RBM Assicurazione Salute, dal dialogo tra farmacie e sanità integrativa un importante scenario di sviluppo

Farmacia (Foto Pixabay - FotoArt-Treu) Imc

Farmacia (Foto Pixabay - FotoArt-Treu) Imc

“Serve un’alleanza organica e strutturata tra la sanità integrativa e le farmacie italiane per offrire ai pazienti servizi capillari, più rapidi, ai quali accedere attraverso le diverse forme di sanità integrativa, ormai mature per diventare realmente il “secondo pilastro della sanità italiana””. È questa, in estrema sintesi, la proposta di Marco Vecchietti (amministratore delegato e direttore generale di RBM Assicurazione Salute), intervenuto recentemente a Roma agli Stati generali della farmacia italiana.

“Dei 39,7 miliardi di Euro di spesa sanitaria attualmente pagata di tasca propria dai cittadini italiani – spiega in una nota la compagnia specializzata nell’assicurazione sanitaria – poco più della metà (53%) si traducono in spesa per l’acquisto di beni, al cui interno la spesa per i farmaci assume una quota di assoluta rilevanza, rappresentando l’80,5%. Concentrandosi sul finanziamento della spesa farmaceutica, la quota privata è pari al 35%, valore quindi in proporzione maggiore rispetto al 26% della quota privata del finanziamento della spesa sanitaria italiana totale”.

Il ricorso alla spesa di tasca propria per l’acquisto di farmaci “è quindi un fenomeno in continua espansione: nel 2018 sette cittadini su dieci hanno acquistato privatamente almeno un farmaco, con una spesa media di 250 Euro. Nonostante le ingenti dimensioni assunte dal fenomeno, il contributo offerto ad oggi dalla sanità integrativa appare però ancora molto limitato: dei circa 17 miliardi di Euro all’anno che gli italiani spendono di tasca propria per l’acquisto di farmaci, solo 200 milioni vengono intermediati dalla sanità integrativa in termini di rimborsi”.

“Con un maggiore dialogo tra farmacie e sanità integrativa – ha evidenziato Vecchietti – si potrebbe contrastare questo fenomeno introducendo sul territorio un network convenzionato tra assicurazioni che pagano il servizio per i propri assicurati e gli erogatori del servizio, cioè i farmacisti. Occorrerebbe lavorare alla costruzione di un circuito di convenzionamento”.

La sanità integrativa – prosegue la nota – “ha bisogno di presenza sul territorio, di soggetti autorevoli e professionali, che abbiano la fiducia del paziente per indirizzare al meglio le risorse sul territorio sia per quanto riguarda i farmaci che in chiave cura”. Secondo RBM, il dialogo tra farmacia e sanità integrativa rappresenta quindi “uno scenario importante di sviluppo futuro e una grande opportunità, perché in Italia la sanità integrativa sta crescendo rapidamente: oggi riguarda circa 13 milioni di cittadini e in realtà il 15% della spesa sanitaria privata pagata di tasca propria è già gestita attraverso forme di sanità integrativa”.

Dei quasi sei miliardi di Euro di spesa sanitaria privata intermediata, attualmente solo il 3% si traduce in spesa farmaceutica intermediata: una quota davvero minima “e dalla cui espansione si potrebbero ricavare grandi benefici”.

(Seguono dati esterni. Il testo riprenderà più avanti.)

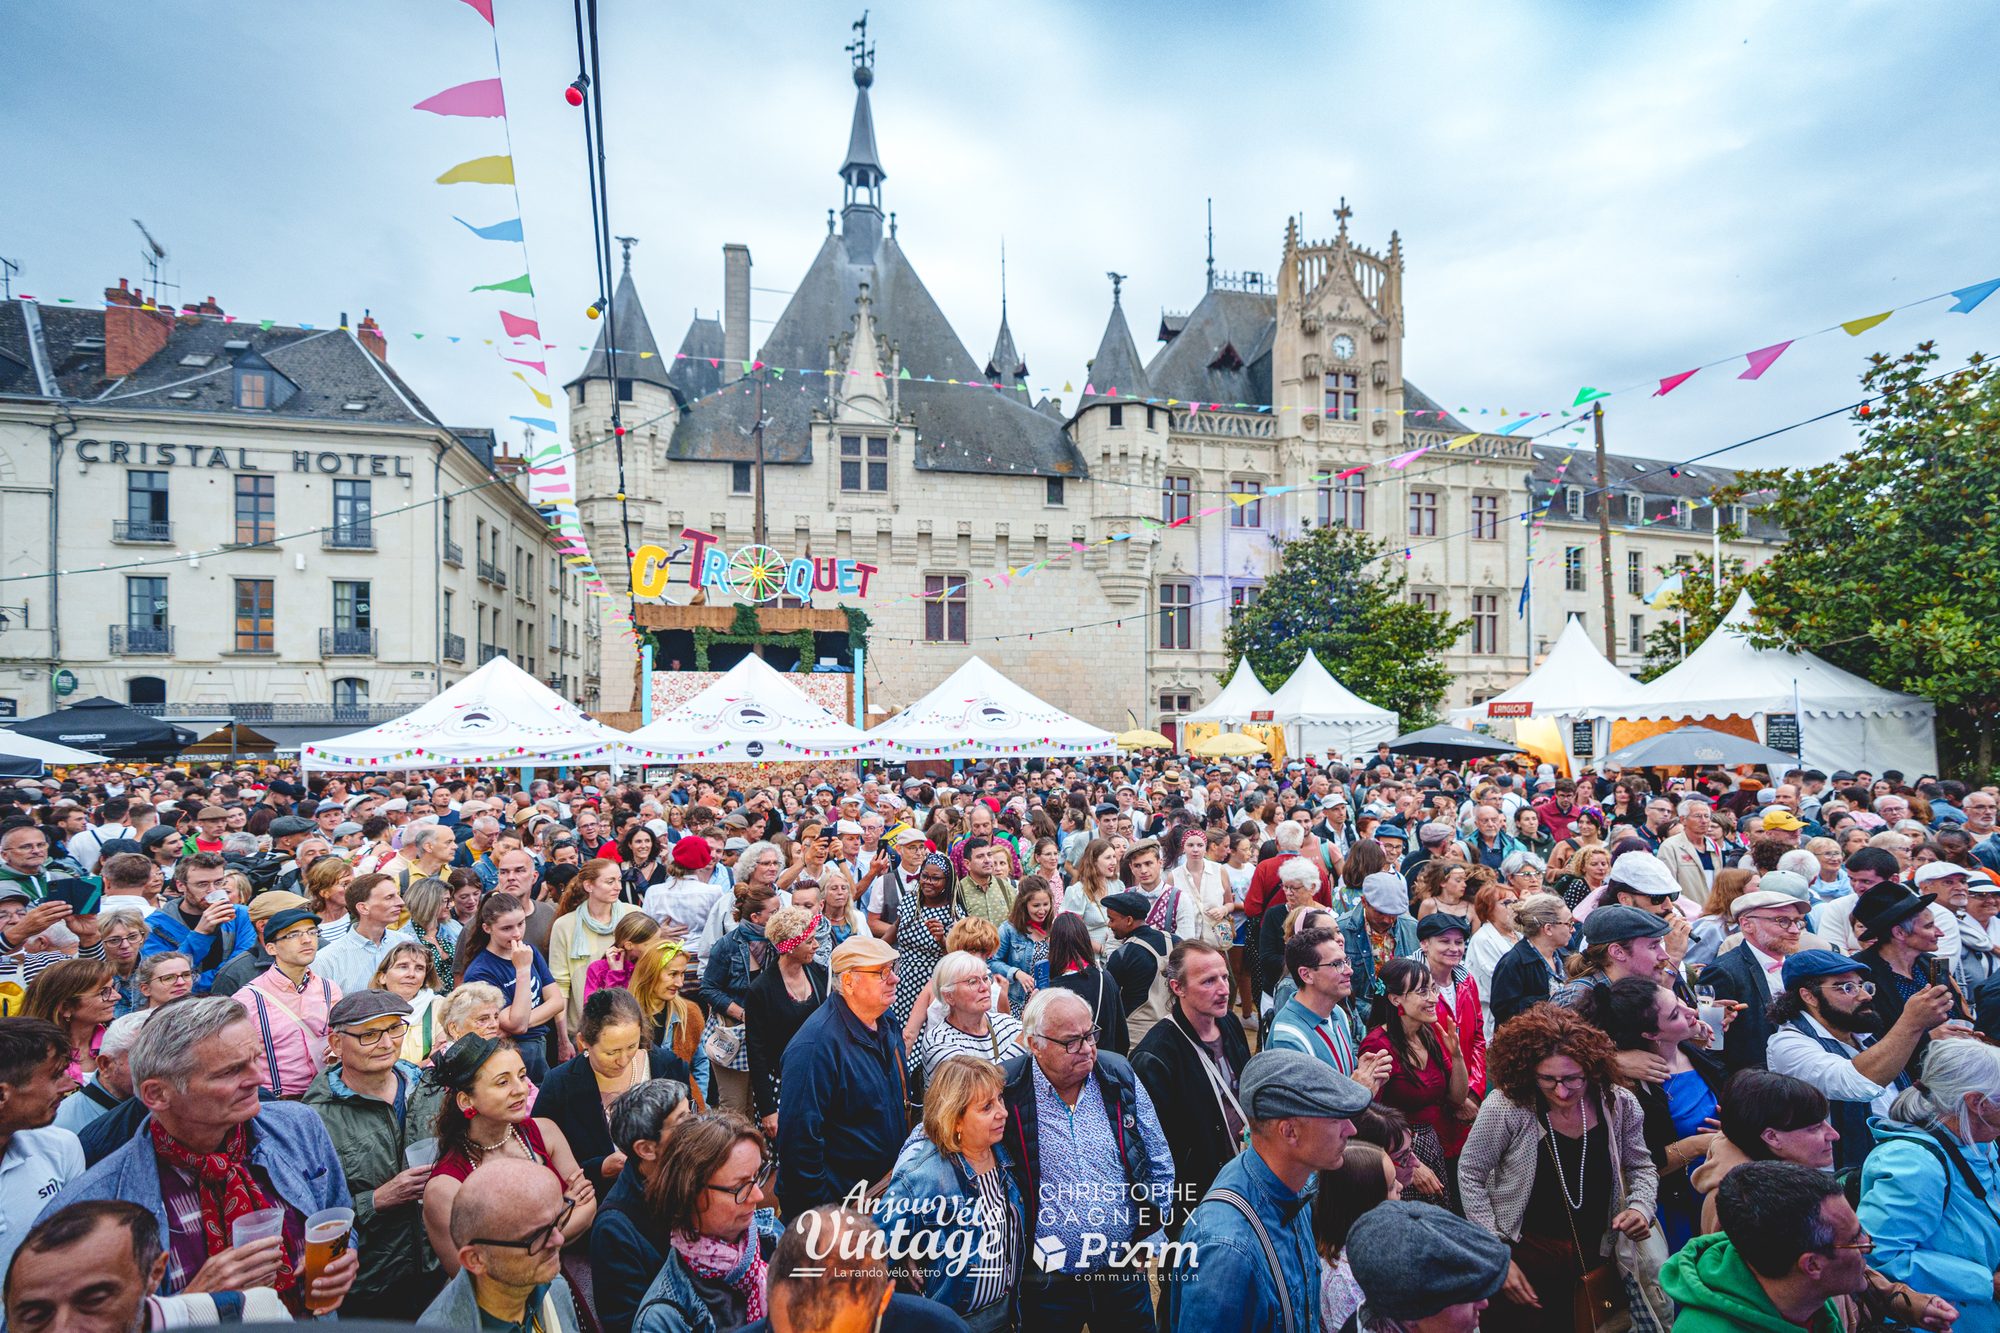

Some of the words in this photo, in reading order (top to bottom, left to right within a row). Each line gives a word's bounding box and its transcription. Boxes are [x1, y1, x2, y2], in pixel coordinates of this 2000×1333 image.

[75, 438, 258, 471] CRISTAL
[292, 449, 413, 478] HOTEL
[277, 752, 295, 760] BAR

Un altro punto di incontro riguarda prevenzione e diagnosi precoce: oggi la sanità integrativa, sottolineano da RBM, investe il 10% dei suoi finanziamenti in diagnosi precoce del cittadino e lo fa attraverso strutture territoriali, con tassi di rispondenza e di utilizzo degli assicurati di quasi il 70%. “Si tratta di percentuali elevatissime rispetto, ad esempio, agli screening pubblici perché la sanità integrativa è molto flessibile nel garantire l’accesso a questi protocolli e molto capillare sul territorio”. Anche la diagnosi precoce e la prevenzione possono essere un ambito di lavoro comune importante tra farmacie e sanità integrativa “per rendere più facilmente reperibili referti e informazioni cliniche, integrarsi con il sistema del fascicolo sanitario elettronico e avviare la gestione di alcuni screening di base, routinari a bassa intensità, che possono rappresentare una base molto utile anche per la personalizzazione delle coperture assicurative da parte della sanità integrativa”.

“Un’altra delle aree chiave della sanità integrativa – ha concluso Vecchietti – riguarda poi la gestione della cronicità e della non autosufficienza e anche in questo caso un rapporto sinergico e organico con le farmacie per l’assistenza al paziente sul territorio potrebbe rappresentare una tessera fondamentale per completare il mosaico della farmacia dei servizi. Su tutte queste tematiche la sanità integrativa è pronta a fare la propria parte per garantire una fruizione più efficiente ed efficace del diritto alla salute dei cittadini”.